Growing cacti from seed is so rewarding


----------



## Mojo Jojo

thruthetrees said:


> Is the cholla you are growing the "jumping" type?


No.  The spines will "jump" but they don't bring a segment of the cactus with them.


----------



## Marey

Is it ok to grow different species in one place?


----------



## tarantulagirl10

Hmmm I never thought about growing cacti from seeds. Is it as easy as growing anything else from seed? Is the germination period very long?


----------



## J Morningstar

Unless you have the right conditions, geremination isn't usually the hard part but getting them through the first year is the tough part. Like remembering to keep them watered and not to let them completely turn into little dry husks. I've done it twice before, but never got them to go over a half inch before something catastrophic happened.


----------



## thruthetrees

How about some update shots?


----------



## Tim Benzedrine

J Morningstar said:


> Unless you have the right conditions, geremination isn't usually the hard part but getting them through the first year is the tough part. Like remembering to keep them watered and not to let them completely turn into little dry husks. I've done it twice before, but never got them to go over a half inch before something catastrophic happened.

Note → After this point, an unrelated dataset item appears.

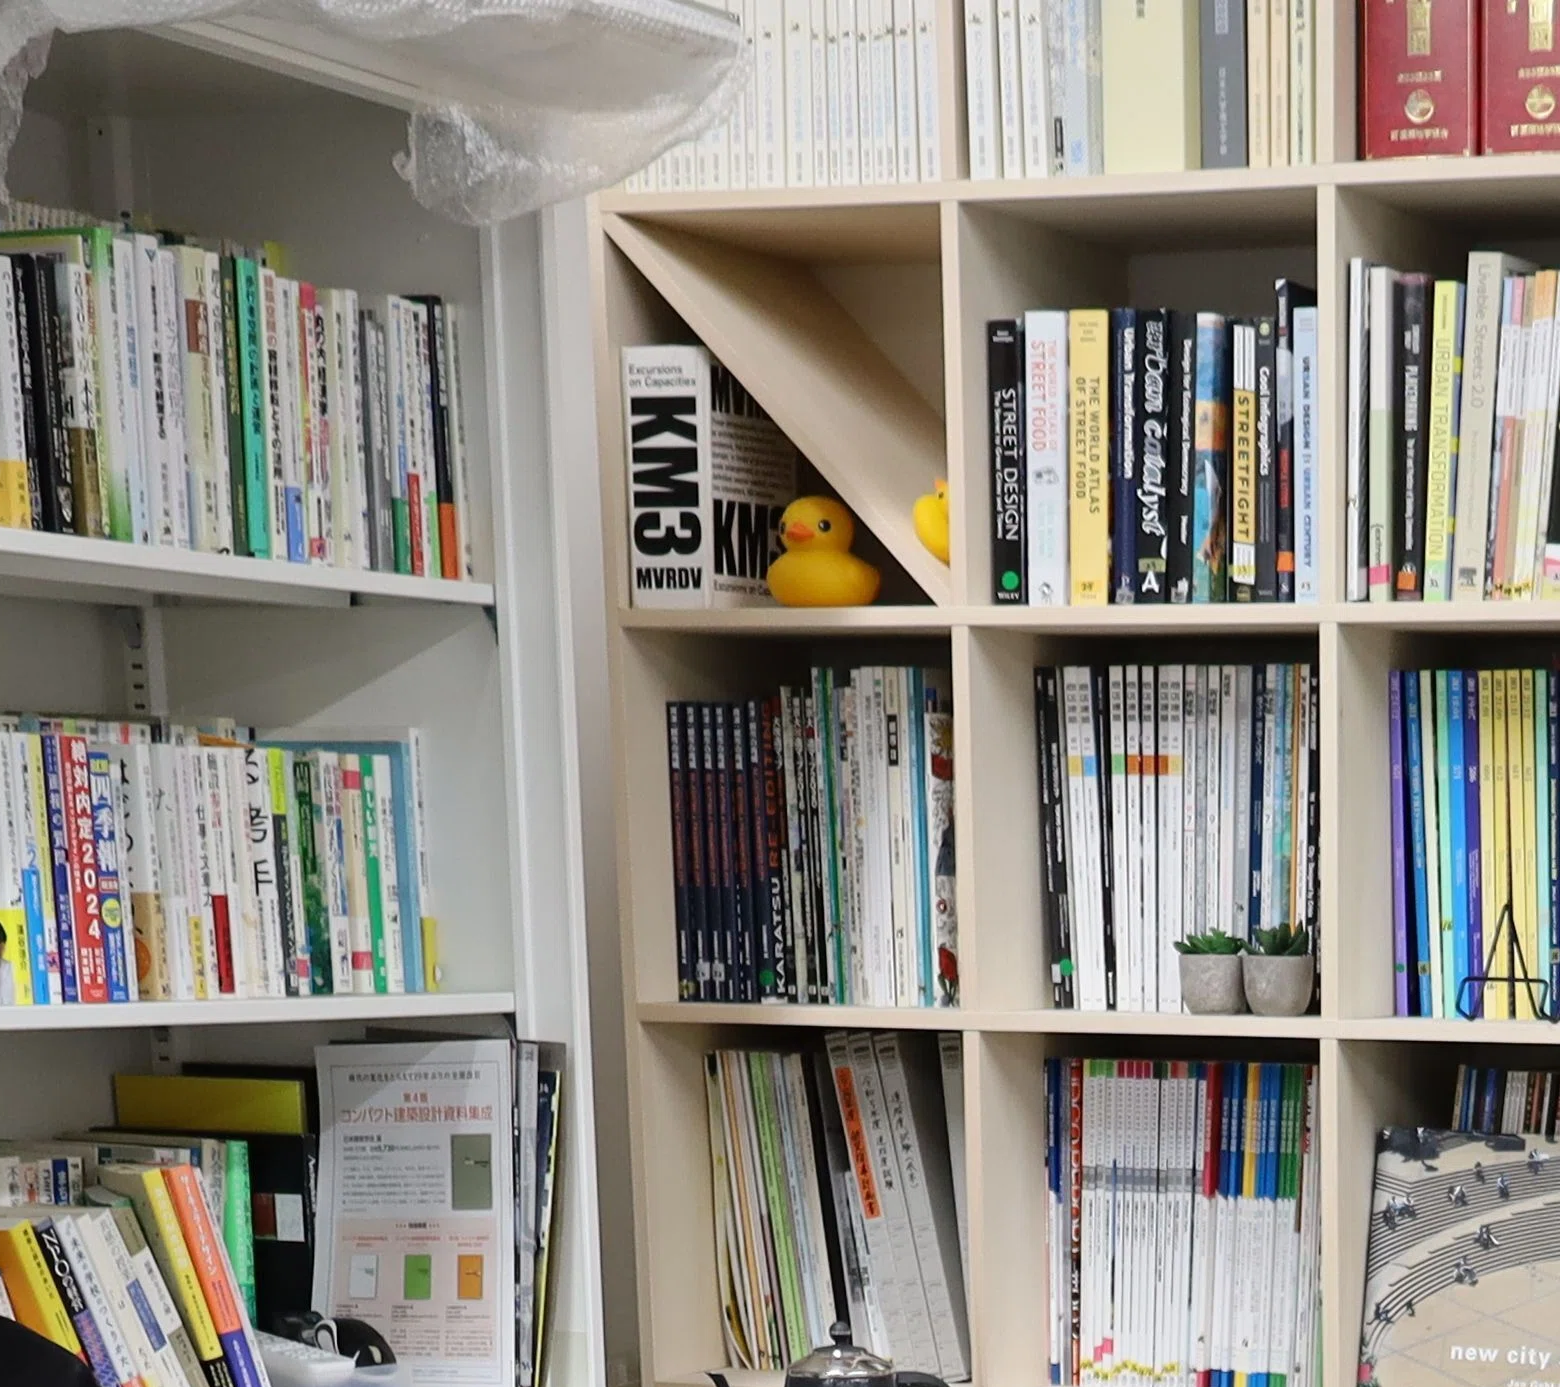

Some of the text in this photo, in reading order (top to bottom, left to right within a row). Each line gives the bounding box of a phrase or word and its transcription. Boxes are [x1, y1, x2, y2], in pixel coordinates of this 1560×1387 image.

That was my experience too. I also grew two bunches, one when I was just a kid, the other a few years ago. The first time they damped off before they got very developed and the second time some of them developed spines and look like tiny cacti and then they withered. It is a bit of a balancing act because over-watering is bad too, of course. Still, it was fun and a little exciting and I may take another shot at it someday.


----------



## Endagr8

Updates! 

I've been growing some mistletoe cactus from seed for a few months now. They seem to grow ridiculously slow.


----------



## J Morningstar

Tim Benzedrine said:


> That was my experience too. I also grew two bunches, one when I was just a kid, the other a few years ago. The first time they damped off before they got very developed and the second time some of them developed spines and look like tiny cacti and then they withered. It is a bit of a balancing act because over-watering is bad too, of course. Still, it was fun and a little exciting and I may take another shot at it someday.


I think I am going to use only distilled water next time and see if it was the wonderful poisions in our drinking water that 'offed them.
:


----------



## Lucas339

im planning on trying lithops seeds here soon.


----------



## kjm

Very cool, I would have never thought to do that.


----------